UI Event-handling Example

One can envision something similar used for GUI event handling:

EventID Application Form Widget Event Implementation Priority
34 Scheduler timeslots grid doubleclick [....] 10
35 Scheduler timeslots button_1 click [....] 8
36 Scheduler confirm button_2 click [....] 10
91 Reports mainform picklist_A change [....] 12
92 Reports mainform button_1 click [....] 10
93 Reports * * key_F1 [....] 14
Asterisks represent wild-cards
See Tabled GUI's for more on table-oriented GUI's. Perhaps user roles and widget "type" (button, text-box, list, etc.) could be added to the wild-card-able columns.

OOP versions of multiple dispatching, such as the Visitor Pattern are usually a shameful mess. It is a Rube Goldberg contraption for what it allegedly does. I get a headache trying to figure out C++ or Java versions of Visitor. Tables shine in the light of manageable simplicity and nearly infinite flexibility in comparison. Viva Tables!

There is another non-table, non-case-statement, non-OO version of multi-dispatching, tentatively known as the Calculated Script approach.

Role Pattern

The role pattern allows different entities to serve the same "role" or the same entity to serve different roles. The common theme is that diverse things are being related to one another.
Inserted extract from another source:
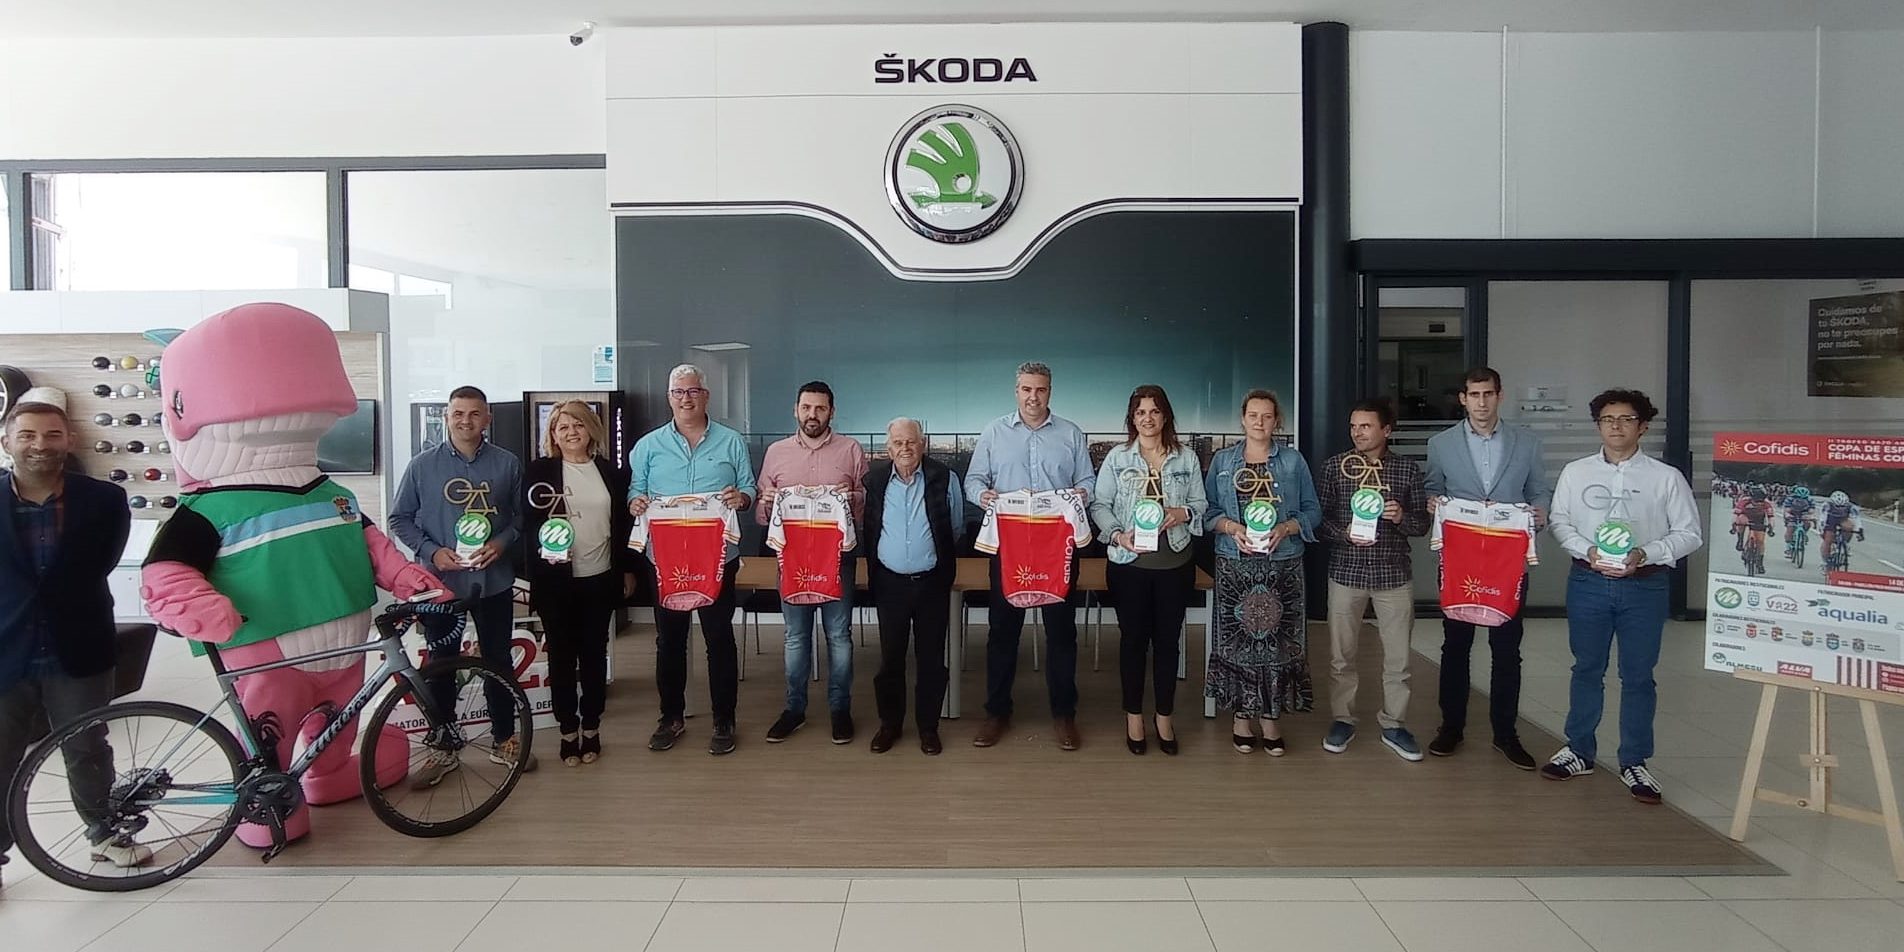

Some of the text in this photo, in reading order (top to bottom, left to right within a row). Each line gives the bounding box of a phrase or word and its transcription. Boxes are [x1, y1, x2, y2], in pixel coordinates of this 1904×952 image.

For example, a wide variety of "things" might "hold" fixed assets in a company. (A fixed asset might be equipment, furniture, etc.) Employees, departments, subsidiaries, etc. may be in charge of various fixed assets.

One approach to this is to place and asset number field in each of the entities involved. However, It is a little tough to process assets as a group, because each participating entity must be joined (SQL UNION) during aggregate processing.
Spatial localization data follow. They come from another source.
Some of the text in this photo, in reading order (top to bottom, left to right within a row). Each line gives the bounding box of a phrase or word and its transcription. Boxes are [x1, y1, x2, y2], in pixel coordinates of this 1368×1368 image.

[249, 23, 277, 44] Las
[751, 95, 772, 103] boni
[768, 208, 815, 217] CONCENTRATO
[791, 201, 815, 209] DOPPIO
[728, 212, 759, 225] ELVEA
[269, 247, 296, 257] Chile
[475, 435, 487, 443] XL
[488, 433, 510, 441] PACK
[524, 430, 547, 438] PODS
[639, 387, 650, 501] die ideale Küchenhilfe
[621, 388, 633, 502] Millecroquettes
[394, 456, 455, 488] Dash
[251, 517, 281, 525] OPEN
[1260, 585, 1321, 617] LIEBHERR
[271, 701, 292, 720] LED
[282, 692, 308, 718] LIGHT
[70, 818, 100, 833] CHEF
Another approach is to have an Asset table that links to each entity.

Asset_ID Asset_Descr Holder_Entity Holder_ID
1682 Couch Dept 24
1627 Desk Employee 77377
1628 Car Dept 107

This allows entity-specific info to be retrieved if needed. Holder_Entity can be either the actual table name, or some other agreed-upon code or abbreviation.

Another variation is to have a separate column for each entity. Although this makes for a messier table in my opinion, it may make certain SQL queries easier to deal with (fewer Select's). Your choice may depend on the kinds of queries/accessing that will likely be done on the table.

SQL-friendlier version
Asset_ID Asset_Descr Dept_Holder Emp_Holder
1682 Couch 24 0
1627 Desk 0 77377
1628 Car 107 0

Structurally, I still prefer the first version. For one, you don't have to add new fields to link to new entities. However, that would probably be a relatively rare addition anyhow.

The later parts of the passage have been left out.